Reality check: Even Hegel declared that Aristotle was “the fountainhead” of dialectical inquiry. My reconstruction of libertarian social theory as a dialectical project is, at its core, a call for a neo-Aristotelian methodological revolution to bolster the cause of human freedom. But, obsessively footnoting scholar that I am, I have always given credit where credit is due to all those thinkers and schools of thought—be they on the left or the right—that have led me to this conviction.

One of the most important things I learned from Ayn Rand was the moral imperative to trust the judgment of my own mind. Rand warned against the fallacy of “thinking in a square.” I’ve always challenged myself to “think outside the box” because it is the only way to keep evolving intellectually and personally, to keep learning. I will not be boxed-in by the established categories of others. And I take to heart Rand’s clarion call: “The world you desired can be won, it exists, it is real, it is possible, it’s yours.”
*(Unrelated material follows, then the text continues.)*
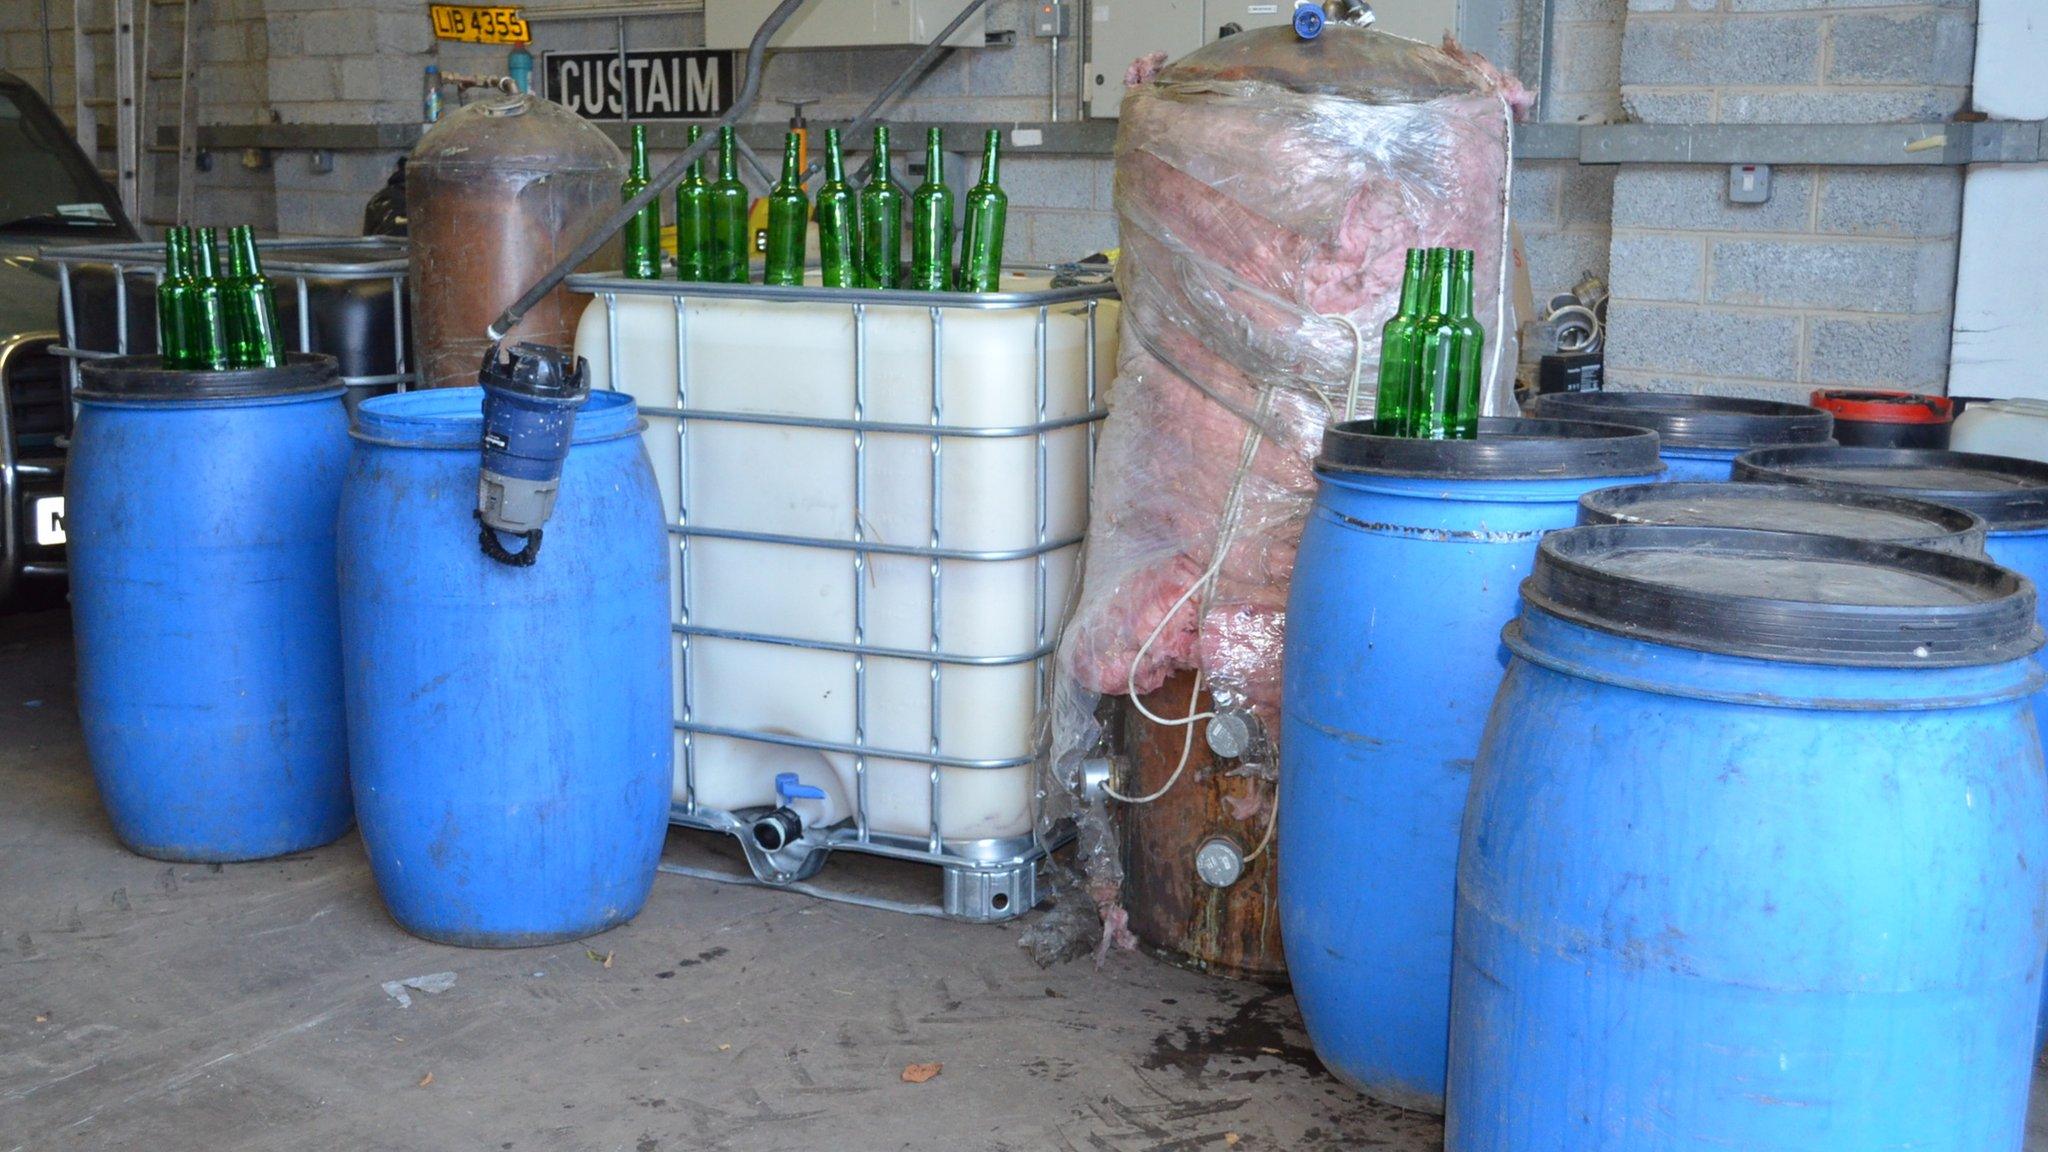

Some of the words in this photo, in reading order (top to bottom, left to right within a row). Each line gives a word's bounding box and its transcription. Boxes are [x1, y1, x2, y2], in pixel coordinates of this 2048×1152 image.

How we get to that world does not entail a mere rhetorical debate over the use of terms. It entails an understanding of what those terms have meant historically—and an honest and civil discussion of what kinds of strategies might be best in achieving that world. We live in a toxic political environment in which some of us can’t help but view our ideological opponents as sub-human. I, myself, have expressed plenty of anger over the course of 33 installments to my series on the Coronavirus to be tempted to succumb to incivility. I do my best to avoid it but none of us is perfect.

So make no mistake about it: I am no less a radical, dialectical libertarian today than I was sixteen years ago, or forty years ago, when I began this intellectual, and profoundly personal, journey.